Once the line containing "this 1280×1707 image." is found in the data below, output that line and every line after it through the last, unchanged and with nothing else.

╔══

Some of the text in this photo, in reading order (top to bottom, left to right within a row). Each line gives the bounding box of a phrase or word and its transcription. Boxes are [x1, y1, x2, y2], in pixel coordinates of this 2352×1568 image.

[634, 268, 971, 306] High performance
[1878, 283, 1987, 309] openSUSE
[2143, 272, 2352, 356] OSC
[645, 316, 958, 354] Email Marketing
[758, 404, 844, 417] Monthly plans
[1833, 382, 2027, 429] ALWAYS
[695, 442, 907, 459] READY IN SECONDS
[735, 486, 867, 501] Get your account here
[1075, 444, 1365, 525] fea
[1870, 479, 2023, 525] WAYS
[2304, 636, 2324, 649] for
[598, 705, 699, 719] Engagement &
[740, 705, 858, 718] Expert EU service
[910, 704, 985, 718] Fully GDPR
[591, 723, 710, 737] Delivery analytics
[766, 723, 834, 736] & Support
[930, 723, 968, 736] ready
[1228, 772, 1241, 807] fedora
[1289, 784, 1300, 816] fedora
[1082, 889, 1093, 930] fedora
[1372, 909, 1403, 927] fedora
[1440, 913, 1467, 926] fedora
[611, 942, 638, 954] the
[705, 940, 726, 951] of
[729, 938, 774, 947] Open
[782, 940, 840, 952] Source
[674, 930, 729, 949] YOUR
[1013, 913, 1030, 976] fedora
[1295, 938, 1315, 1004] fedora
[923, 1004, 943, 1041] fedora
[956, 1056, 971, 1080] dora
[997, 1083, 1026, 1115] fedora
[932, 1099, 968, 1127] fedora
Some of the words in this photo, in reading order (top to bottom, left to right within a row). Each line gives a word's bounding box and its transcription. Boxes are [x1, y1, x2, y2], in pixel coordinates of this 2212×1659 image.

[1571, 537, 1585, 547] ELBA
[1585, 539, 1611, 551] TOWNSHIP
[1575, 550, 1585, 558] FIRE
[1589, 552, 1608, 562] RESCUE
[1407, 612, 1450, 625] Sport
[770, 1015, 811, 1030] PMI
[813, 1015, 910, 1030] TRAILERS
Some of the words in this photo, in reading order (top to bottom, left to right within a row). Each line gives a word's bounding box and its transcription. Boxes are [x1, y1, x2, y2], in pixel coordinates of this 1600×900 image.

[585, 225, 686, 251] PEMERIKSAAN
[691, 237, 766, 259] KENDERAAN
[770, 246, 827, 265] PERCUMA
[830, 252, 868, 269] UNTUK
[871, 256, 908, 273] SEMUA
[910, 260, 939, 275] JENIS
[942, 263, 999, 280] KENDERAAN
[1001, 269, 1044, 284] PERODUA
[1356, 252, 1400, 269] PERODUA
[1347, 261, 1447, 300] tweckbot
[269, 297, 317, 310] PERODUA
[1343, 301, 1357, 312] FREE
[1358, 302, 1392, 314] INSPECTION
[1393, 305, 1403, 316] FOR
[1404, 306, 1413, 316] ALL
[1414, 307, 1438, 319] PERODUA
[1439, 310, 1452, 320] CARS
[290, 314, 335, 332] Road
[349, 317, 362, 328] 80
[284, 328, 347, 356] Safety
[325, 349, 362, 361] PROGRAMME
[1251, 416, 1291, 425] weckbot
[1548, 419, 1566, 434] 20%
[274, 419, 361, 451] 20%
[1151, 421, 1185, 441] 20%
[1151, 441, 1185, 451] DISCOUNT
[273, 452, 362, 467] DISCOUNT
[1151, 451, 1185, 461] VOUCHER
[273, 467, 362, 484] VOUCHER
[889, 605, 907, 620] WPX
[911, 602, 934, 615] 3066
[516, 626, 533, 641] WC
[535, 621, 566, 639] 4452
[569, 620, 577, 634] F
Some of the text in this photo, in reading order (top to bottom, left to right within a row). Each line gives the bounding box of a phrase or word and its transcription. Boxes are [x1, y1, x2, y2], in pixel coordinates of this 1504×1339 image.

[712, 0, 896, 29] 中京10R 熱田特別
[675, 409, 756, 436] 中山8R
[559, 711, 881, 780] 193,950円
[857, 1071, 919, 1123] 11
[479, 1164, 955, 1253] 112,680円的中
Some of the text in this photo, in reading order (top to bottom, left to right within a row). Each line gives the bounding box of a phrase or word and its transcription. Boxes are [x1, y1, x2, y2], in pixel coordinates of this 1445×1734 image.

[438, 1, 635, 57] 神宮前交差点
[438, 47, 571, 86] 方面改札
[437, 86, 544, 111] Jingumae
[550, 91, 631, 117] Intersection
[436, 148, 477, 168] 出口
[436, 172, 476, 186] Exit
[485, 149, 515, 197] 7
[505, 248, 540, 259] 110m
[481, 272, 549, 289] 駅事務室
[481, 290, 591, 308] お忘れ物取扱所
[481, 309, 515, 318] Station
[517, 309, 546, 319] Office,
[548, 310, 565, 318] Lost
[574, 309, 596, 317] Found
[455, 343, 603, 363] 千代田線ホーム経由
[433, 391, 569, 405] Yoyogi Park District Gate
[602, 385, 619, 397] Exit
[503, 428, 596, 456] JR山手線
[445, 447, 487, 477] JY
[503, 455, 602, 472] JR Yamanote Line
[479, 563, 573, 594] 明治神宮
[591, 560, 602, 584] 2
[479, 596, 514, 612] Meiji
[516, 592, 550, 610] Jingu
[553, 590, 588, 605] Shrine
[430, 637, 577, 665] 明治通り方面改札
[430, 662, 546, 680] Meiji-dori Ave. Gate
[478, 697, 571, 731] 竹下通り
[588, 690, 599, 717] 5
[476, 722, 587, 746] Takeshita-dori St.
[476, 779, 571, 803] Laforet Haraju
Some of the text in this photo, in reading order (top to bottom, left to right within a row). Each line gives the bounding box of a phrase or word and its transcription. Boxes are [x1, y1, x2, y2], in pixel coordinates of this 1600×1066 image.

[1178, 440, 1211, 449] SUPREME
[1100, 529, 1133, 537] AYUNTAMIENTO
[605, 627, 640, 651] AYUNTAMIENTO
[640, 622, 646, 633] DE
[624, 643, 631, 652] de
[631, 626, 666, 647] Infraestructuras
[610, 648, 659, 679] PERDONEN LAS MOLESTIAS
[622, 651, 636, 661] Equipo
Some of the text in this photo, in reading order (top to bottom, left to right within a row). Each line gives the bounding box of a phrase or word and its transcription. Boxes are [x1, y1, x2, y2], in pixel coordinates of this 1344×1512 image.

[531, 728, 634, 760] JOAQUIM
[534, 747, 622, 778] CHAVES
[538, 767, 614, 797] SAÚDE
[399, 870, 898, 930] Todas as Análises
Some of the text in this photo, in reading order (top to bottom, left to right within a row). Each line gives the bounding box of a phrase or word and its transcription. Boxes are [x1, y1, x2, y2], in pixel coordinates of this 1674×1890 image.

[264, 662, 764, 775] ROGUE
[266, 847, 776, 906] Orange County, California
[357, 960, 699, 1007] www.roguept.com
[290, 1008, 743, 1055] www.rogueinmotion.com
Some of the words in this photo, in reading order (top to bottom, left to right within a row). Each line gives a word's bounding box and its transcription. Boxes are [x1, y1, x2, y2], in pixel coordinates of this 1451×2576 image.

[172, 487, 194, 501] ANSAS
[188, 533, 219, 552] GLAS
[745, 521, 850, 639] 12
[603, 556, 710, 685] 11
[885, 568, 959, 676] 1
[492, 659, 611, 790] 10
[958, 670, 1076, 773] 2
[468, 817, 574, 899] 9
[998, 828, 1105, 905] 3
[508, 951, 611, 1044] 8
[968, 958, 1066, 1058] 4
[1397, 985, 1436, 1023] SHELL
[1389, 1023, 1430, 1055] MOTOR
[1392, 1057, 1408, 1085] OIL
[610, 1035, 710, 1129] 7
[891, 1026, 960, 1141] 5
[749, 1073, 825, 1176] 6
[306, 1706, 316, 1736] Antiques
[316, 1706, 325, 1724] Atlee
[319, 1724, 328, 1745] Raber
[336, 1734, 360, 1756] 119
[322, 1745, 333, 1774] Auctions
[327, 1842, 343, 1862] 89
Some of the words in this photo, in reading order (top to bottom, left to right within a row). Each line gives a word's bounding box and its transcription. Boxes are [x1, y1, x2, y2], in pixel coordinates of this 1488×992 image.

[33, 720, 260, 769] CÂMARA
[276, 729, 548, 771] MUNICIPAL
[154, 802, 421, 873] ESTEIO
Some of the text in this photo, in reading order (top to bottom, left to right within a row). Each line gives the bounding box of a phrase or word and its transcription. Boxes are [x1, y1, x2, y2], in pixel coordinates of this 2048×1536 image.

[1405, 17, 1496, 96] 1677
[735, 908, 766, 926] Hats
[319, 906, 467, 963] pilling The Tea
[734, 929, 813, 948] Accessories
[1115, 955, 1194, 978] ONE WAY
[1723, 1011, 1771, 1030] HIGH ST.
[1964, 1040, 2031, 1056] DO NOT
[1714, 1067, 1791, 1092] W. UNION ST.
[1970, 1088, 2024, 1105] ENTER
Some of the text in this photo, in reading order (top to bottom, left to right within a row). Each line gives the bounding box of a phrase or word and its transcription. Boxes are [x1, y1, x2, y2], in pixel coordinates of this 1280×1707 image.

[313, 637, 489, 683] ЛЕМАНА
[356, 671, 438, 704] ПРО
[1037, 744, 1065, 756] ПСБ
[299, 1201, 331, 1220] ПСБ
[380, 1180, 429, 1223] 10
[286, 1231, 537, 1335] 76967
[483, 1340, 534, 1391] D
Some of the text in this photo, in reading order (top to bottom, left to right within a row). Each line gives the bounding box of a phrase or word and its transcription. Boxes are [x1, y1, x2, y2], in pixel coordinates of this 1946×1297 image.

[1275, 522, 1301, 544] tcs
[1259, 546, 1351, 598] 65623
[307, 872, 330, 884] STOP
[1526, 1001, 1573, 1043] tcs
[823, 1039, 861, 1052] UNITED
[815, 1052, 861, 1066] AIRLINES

╚══

SOLUTION TO THIS EXERCISE
Some of the text in this photo, in reading order (top to bottom, left to right within a row). Each line gives the bounding box of a phrase or word and its transcription. Boxes are [x1, y1, x2, y2], in pixel coordinates of this 1280×1707 image.

[313, 637, 489, 683] ЛЕМАНА
[356, 671, 438, 704] ПРО
[1037, 744, 1065, 756] ПСБ
[299, 1201, 331, 1220] ПСБ
[380, 1180, 429, 1223] 10
[286, 1231, 537, 1335] 76967
[483, 1340, 534, 1391] D
Some of the text in this photo, in reading order (top to bottom, left to right within a row). Each line gives the bounding box of a phrase or word and its transcription. Boxes are [x1, y1, x2, y2], in pixel coordinates of this 1946×1297 image.

[1275, 522, 1301, 544] tcs
[1259, 546, 1351, 598] 65623
[307, 872, 330, 884] STOP
[1526, 1001, 1573, 1043] tcs
[823, 1039, 861, 1052] UNITED
[815, 1052, 861, 1066] AIRLINES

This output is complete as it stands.